Genetics of narcolepsy and hypersomnia

Type 1 narcolepsy is a severe sleep disorder, where patients have fragmented night time sleep, and extreme sleep deprivation. This leads to severe daytime sleepiness. While type 1 narcolepsy is caused dysregulation of the sleep-wake cycle, the underlying mechanism is an autoimmune loss of specific neuronal population in lateral hypothalamus that produce hypocretin neurotransmitter. We have identified several genetic risk factors for type 1 narcolepsy and fine mapped their functional effects. In this project, we further the analysis of type 1 narcolepsy and expand that to cover other sleep disorders, including type 2 narcolepsy, chronic fatigue syndrom and idiopathic hypersomnia.

Sleep and comorbidities

Primary outcomes of sleep disruption are increased risk for psychiatric, cardiometabolic diseases and inflammatory diseases including cancer. Consequently, sleep problems increase all-cause mortality, cardiovascular mortality and cancer mortality. These diseases are the leading cause of disability and death in Finland and globally.
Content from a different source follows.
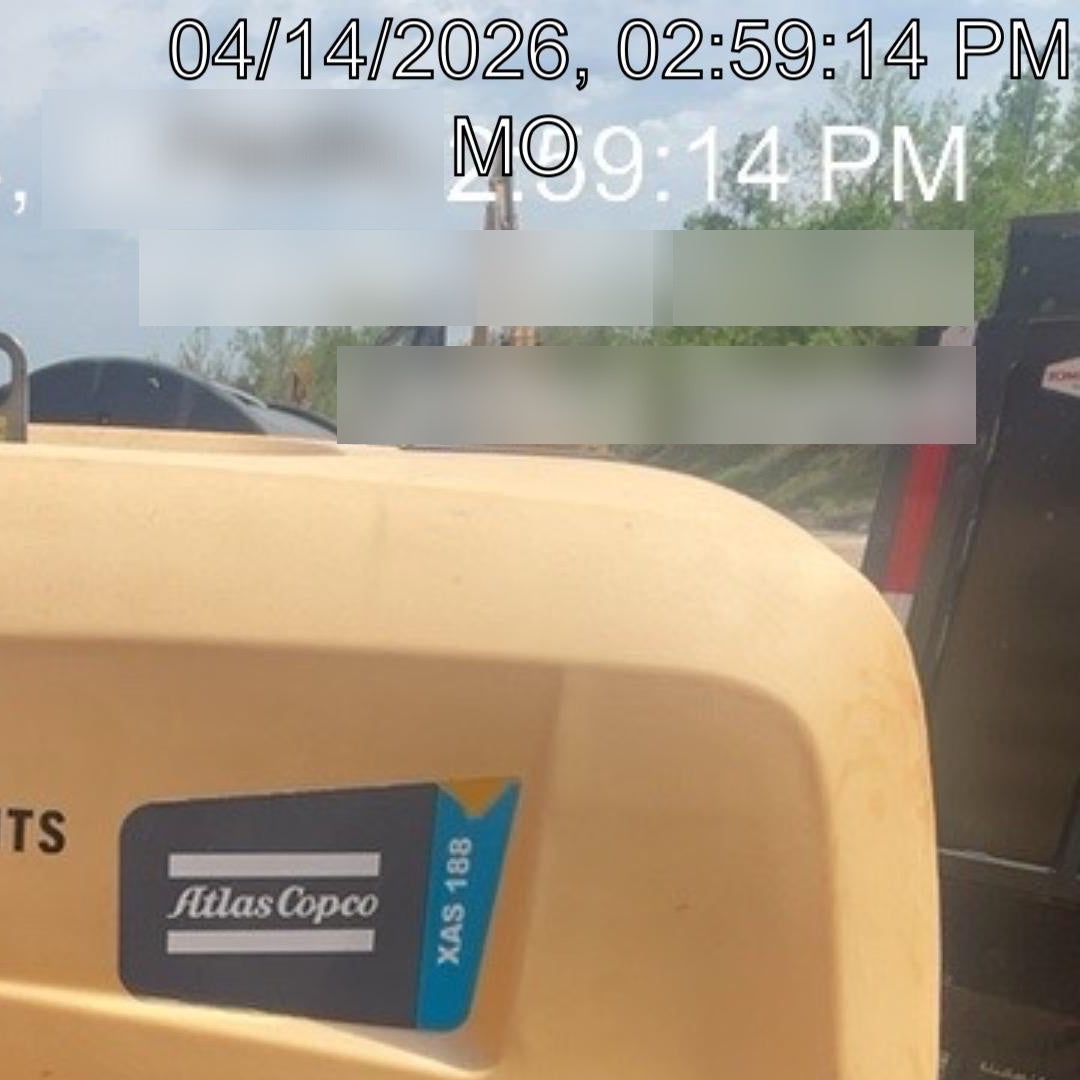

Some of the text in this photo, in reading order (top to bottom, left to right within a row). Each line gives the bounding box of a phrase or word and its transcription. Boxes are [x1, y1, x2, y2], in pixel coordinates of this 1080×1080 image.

However, how sleep and sleeping problems predispose to diseases is largely unknown. The goal of my team is to systematically examine the risk factors that connect sleep disruption with cardiometabolic, psychiatric and cancer disease risk. After identifying these variants we examine functional effects underlying genetic risk variants. In our work we use primarily Finnish population cohorts and registry-based data. This project has direct impact on our understanding why sleep disruption is a strong risk factor and a biomarker for poor cardiometabolic health and increased mortality.